Personalised beauty throws up hundreds of formulation blends

“Safety assessment becomes more complex with personalisation. You really have to know how your customer wants to provide and sell the product on the market,” Gonry told attendees at this month’s Cosmetic Consultants Europe’s (CCE) 2019 Open Academy in Cyprus.

Speaking to CosmeticsDesign-Europe after his presentation, Gonry said personalised cosmetic products threw up a whole range of possible blends, whether mixed in store, by consumers or companies, and every possible combination had to be safety assessed.

“I’ll give you a concrete project we have now: it’s a company with five shampoos, five serums and five different perfumes. That’s 125 different products you can make, so they all need to be assessed,” he said.

Importantly, each ingredient, concentrate or active designed to be blended into a final personalised formulation also had to be safe in its purest form, Gonry said. “For instance, I would never allow my customers to sell cinnamon oil, because it’s a very toxic oil.”

For products designed to be mixed by the consumer, he said some raw materials were just completely unsuitable and others had to be limited to safe doses – using very mild surfactants, for example, versus regular strength typically used.

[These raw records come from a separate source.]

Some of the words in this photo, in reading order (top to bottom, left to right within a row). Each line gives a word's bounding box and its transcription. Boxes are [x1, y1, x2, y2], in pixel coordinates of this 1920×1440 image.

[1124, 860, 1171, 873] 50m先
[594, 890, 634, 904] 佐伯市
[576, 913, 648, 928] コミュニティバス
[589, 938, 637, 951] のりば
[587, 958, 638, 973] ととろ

Labelling on pre-blended personalised beauty must be legally compliant

For companies doing the blending and packaging of personalised products for consumers – shampoos or skin creams ordered online, for example – Gonry said labelling also had to carry the legally-required INCI names and formulation details.

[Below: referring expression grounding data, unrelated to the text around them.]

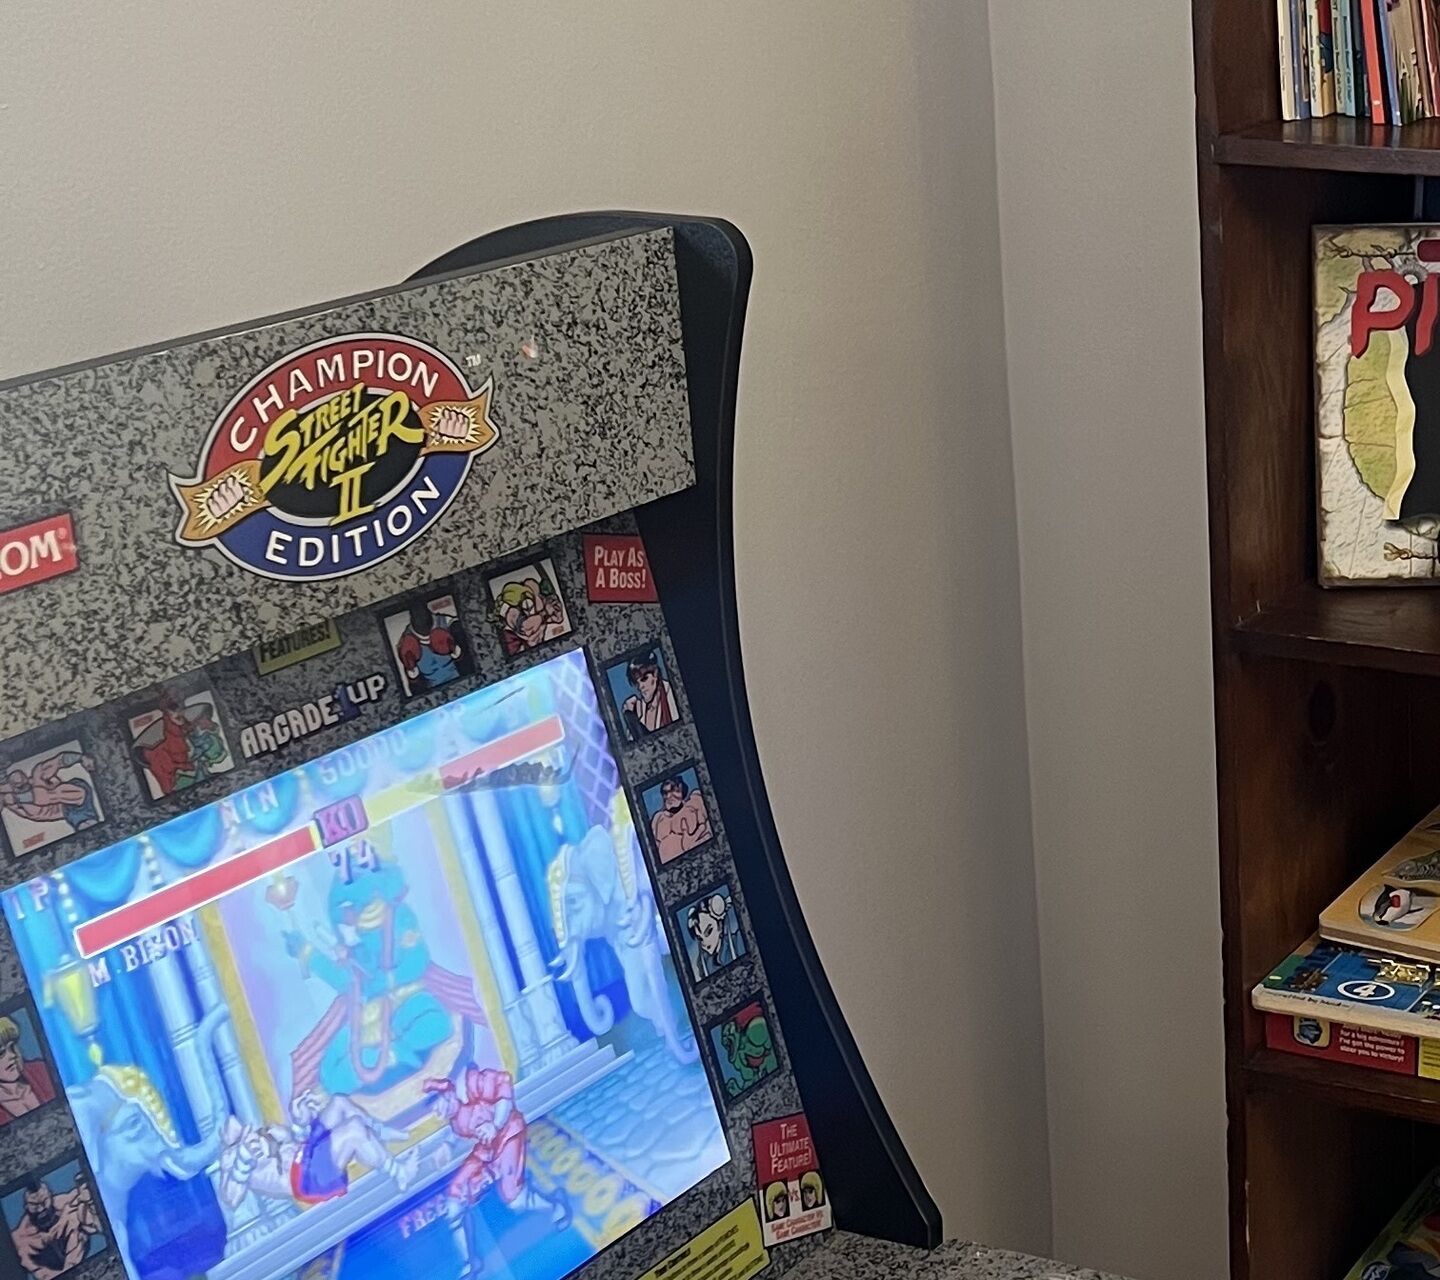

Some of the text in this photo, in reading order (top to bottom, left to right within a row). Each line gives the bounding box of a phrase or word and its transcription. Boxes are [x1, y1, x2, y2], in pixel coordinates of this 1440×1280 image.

[229, 349, 439, 452] CHAMPION
[258, 382, 365, 494] STREET
[283, 390, 425, 490] FIGHTER
[265, 476, 441, 567] EDITION
[329, 462, 376, 526] II
[595, 568, 646, 588] A BOSS!
[240, 674, 386, 759] ARCADE1UP
[120, 915, 199, 972] BISON
[1353, 984, 1377, 997] 4
[769, 1137, 810, 1158] ULTIMATE
[780, 1123, 798, 1140] THE
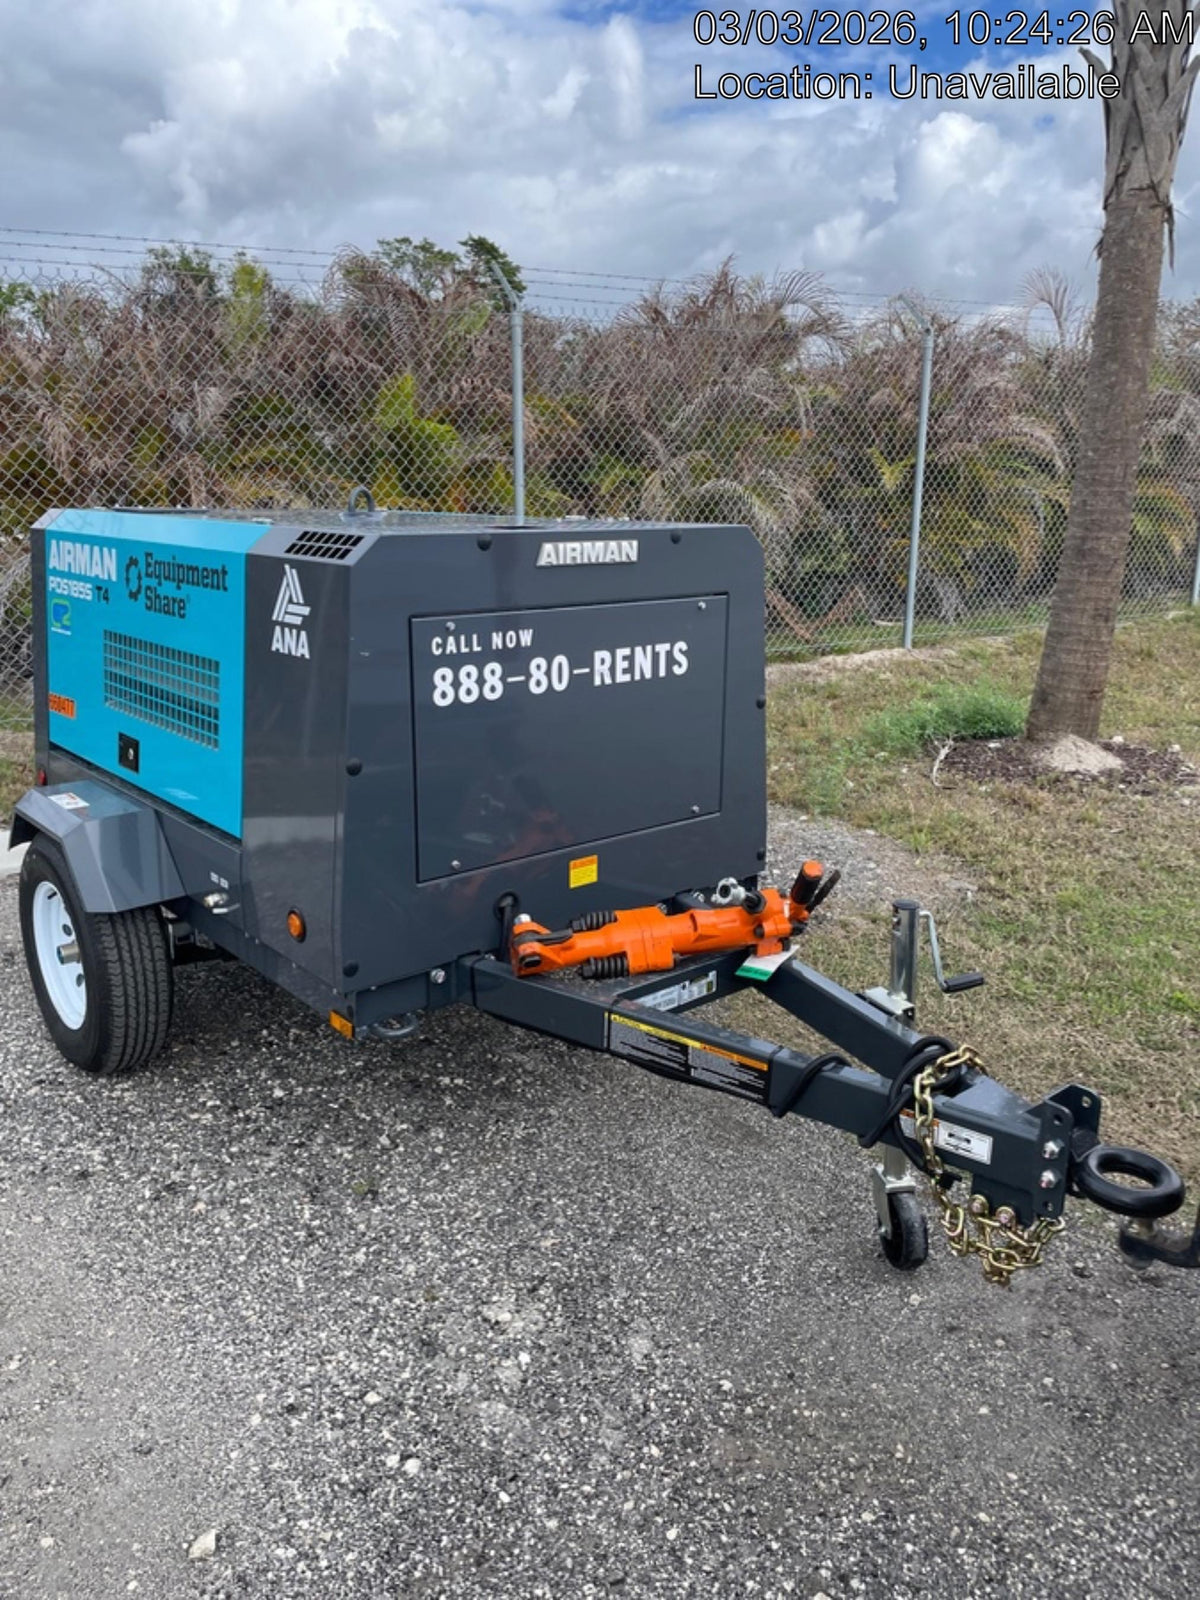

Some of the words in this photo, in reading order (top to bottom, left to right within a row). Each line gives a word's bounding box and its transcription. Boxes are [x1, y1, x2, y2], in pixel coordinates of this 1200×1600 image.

[49, 539, 117, 581] AIRMAN
[536, 540, 638, 567] AIRMAN
[144, 551, 228, 592] Equipment
[96, 585, 110, 604] T4
[271, 625, 310, 659] ANA
[431, 633, 482, 655] CALL
[491, 629, 533, 650] NOW
[432, 641, 689, 707] 888-80-RENTS

He said S&C Consulting had developed a programme that made this process easier, given the sharp increase in requests to work on personalised cosmetic innovations.

“This is all feasible, but you have to adapt and be open for this,” he said.

Whilst it was more difficult to assess the safety of personalised cosmetics, he said it was necessary to do because personalisation was a surging and important consumer trend driven by a scepticism of traditional cosmetic products.

 “…That’s why we are really trying to be flexible with our customers to give them a solution that is legal and safe, because the last part is very important,” Gonry said.